| What to work on |
The answer should contain only the lines running from the line with "this 1600×1066 image." to the end of the material, reproduced verbatim.

=== Begin Enclosure ===

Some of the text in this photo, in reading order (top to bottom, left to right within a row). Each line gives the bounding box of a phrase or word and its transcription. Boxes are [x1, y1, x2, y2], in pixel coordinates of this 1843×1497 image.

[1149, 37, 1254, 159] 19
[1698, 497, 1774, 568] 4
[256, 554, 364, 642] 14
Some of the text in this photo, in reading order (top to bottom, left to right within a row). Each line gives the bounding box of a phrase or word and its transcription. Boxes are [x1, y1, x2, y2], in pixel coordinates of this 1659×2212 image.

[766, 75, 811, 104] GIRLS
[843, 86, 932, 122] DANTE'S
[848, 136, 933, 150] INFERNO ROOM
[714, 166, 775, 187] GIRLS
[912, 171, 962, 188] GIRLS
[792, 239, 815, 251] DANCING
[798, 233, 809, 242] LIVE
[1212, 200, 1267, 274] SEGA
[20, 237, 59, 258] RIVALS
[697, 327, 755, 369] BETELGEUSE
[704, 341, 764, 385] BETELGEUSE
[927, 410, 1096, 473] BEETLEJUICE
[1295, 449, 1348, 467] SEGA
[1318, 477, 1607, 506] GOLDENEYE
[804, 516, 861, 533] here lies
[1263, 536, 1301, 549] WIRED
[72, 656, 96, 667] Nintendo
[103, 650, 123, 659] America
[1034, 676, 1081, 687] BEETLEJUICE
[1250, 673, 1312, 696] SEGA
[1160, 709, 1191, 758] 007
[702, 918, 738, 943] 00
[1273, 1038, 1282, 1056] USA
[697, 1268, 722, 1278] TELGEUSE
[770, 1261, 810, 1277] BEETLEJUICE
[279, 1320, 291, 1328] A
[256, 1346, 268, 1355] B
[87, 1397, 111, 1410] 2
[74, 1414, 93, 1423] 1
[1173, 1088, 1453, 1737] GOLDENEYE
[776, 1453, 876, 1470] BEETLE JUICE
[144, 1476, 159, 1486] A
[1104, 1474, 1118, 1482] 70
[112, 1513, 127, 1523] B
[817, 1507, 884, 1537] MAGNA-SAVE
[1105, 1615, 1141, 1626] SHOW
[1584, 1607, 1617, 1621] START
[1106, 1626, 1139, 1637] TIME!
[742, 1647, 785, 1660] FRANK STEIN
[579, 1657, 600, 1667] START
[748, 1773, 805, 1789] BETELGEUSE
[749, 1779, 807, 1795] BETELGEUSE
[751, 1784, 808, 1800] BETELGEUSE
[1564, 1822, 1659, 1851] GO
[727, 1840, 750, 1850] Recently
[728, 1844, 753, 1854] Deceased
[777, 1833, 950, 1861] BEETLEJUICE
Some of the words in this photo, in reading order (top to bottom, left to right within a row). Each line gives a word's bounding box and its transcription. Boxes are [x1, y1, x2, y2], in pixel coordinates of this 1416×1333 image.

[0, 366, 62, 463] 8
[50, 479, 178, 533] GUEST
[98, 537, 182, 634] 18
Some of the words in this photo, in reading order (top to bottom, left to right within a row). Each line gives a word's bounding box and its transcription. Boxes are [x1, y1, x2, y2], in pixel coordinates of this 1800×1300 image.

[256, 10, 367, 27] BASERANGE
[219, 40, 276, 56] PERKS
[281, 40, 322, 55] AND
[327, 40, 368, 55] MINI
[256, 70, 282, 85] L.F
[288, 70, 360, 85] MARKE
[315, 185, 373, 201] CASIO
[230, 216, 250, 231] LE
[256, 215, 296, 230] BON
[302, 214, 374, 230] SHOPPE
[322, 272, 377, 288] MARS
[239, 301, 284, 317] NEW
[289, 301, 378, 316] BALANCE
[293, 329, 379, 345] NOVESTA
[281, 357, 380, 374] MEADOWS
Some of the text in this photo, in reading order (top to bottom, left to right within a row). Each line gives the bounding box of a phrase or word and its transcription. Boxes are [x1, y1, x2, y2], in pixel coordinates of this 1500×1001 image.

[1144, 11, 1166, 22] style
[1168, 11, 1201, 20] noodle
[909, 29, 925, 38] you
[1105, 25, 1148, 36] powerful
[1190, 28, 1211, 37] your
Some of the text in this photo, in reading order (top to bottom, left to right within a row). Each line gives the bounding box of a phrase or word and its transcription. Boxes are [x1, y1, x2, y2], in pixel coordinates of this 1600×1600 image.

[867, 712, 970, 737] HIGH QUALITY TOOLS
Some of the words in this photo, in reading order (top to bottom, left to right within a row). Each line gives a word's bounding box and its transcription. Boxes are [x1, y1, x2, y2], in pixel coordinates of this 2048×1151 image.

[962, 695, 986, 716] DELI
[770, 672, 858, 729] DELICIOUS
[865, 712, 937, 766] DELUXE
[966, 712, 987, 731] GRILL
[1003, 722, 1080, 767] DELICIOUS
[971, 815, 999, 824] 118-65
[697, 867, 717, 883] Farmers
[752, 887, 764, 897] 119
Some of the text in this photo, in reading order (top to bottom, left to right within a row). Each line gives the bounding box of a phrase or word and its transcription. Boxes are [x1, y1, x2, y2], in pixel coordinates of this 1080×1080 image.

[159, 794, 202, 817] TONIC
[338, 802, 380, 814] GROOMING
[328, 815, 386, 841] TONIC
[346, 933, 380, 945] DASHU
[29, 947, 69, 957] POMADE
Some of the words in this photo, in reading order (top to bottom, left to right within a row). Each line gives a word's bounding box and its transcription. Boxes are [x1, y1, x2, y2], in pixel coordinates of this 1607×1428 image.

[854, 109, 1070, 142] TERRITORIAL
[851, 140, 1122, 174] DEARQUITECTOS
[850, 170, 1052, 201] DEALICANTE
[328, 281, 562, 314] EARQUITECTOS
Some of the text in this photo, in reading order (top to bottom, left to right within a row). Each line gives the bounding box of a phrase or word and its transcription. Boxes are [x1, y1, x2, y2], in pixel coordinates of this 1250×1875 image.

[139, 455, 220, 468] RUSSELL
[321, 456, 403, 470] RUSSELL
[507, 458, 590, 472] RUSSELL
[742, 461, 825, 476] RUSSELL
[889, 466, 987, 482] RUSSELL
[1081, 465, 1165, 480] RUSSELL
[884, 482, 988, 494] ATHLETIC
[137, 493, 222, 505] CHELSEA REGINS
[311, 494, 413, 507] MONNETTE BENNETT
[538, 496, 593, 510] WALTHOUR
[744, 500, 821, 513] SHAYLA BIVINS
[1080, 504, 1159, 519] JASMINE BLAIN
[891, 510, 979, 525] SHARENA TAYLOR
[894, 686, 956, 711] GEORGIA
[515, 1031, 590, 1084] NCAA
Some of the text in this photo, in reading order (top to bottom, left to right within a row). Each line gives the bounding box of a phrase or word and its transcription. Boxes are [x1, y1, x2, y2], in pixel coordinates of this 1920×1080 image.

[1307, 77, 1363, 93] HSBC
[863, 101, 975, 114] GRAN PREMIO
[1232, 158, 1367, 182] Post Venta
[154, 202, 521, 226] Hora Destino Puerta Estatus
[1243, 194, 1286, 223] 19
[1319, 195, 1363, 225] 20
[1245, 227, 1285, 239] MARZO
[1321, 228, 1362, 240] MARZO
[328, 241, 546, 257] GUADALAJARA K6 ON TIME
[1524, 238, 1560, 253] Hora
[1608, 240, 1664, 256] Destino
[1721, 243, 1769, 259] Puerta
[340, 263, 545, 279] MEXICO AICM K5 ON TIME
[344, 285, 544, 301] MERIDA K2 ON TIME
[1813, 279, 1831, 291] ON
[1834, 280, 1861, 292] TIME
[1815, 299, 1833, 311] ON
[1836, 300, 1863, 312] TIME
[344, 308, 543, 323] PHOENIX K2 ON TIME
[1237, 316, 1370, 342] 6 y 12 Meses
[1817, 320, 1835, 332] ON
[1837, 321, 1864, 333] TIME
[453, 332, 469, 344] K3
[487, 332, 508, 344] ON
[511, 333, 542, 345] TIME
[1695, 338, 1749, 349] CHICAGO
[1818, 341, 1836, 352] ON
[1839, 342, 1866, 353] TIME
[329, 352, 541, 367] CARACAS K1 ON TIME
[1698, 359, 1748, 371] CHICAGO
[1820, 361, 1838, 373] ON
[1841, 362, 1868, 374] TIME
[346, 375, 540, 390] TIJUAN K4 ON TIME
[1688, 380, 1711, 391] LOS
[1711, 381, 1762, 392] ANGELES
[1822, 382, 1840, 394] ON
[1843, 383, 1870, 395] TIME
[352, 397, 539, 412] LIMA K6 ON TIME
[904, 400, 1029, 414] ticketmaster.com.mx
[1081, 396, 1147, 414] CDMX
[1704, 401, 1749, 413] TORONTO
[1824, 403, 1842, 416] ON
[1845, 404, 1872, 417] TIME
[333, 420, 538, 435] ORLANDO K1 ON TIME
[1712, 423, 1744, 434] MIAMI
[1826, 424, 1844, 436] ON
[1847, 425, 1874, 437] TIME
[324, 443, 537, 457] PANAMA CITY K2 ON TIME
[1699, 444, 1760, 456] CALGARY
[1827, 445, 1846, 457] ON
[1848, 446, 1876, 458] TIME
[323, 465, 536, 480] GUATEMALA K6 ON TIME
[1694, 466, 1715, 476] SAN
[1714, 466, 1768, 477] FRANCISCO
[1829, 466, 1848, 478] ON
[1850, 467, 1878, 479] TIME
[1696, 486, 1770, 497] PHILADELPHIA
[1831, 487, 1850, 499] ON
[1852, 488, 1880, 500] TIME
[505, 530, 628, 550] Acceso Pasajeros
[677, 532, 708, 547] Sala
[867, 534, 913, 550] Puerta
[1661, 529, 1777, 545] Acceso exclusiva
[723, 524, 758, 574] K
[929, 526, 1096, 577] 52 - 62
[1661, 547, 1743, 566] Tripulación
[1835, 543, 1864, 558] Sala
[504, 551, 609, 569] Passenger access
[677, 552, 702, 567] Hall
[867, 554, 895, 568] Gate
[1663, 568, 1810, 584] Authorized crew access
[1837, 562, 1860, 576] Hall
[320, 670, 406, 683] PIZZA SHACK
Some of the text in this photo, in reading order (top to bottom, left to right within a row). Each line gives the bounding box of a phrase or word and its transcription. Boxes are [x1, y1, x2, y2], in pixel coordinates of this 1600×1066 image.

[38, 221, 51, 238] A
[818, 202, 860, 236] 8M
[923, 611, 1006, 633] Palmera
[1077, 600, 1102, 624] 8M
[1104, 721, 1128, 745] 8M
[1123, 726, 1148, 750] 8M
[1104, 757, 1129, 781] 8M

=== End Enclosure ===

| Written solution |
Some of the text in this photo, in reading order (top to bottom, left to right within a row). Each line gives the bounding box of a phrase or word and its transcription. Boxes are [x1, y1, x2, y2], in pixel coordinates of this 1600×1066 image.

[38, 221, 51, 238] A
[818, 202, 860, 236] 8M
[923, 611, 1006, 633] Palmera
[1077, 600, 1102, 624] 8M
[1104, 721, 1128, 745] 8M
[1123, 726, 1148, 750] 8M
[1104, 757, 1129, 781] 8M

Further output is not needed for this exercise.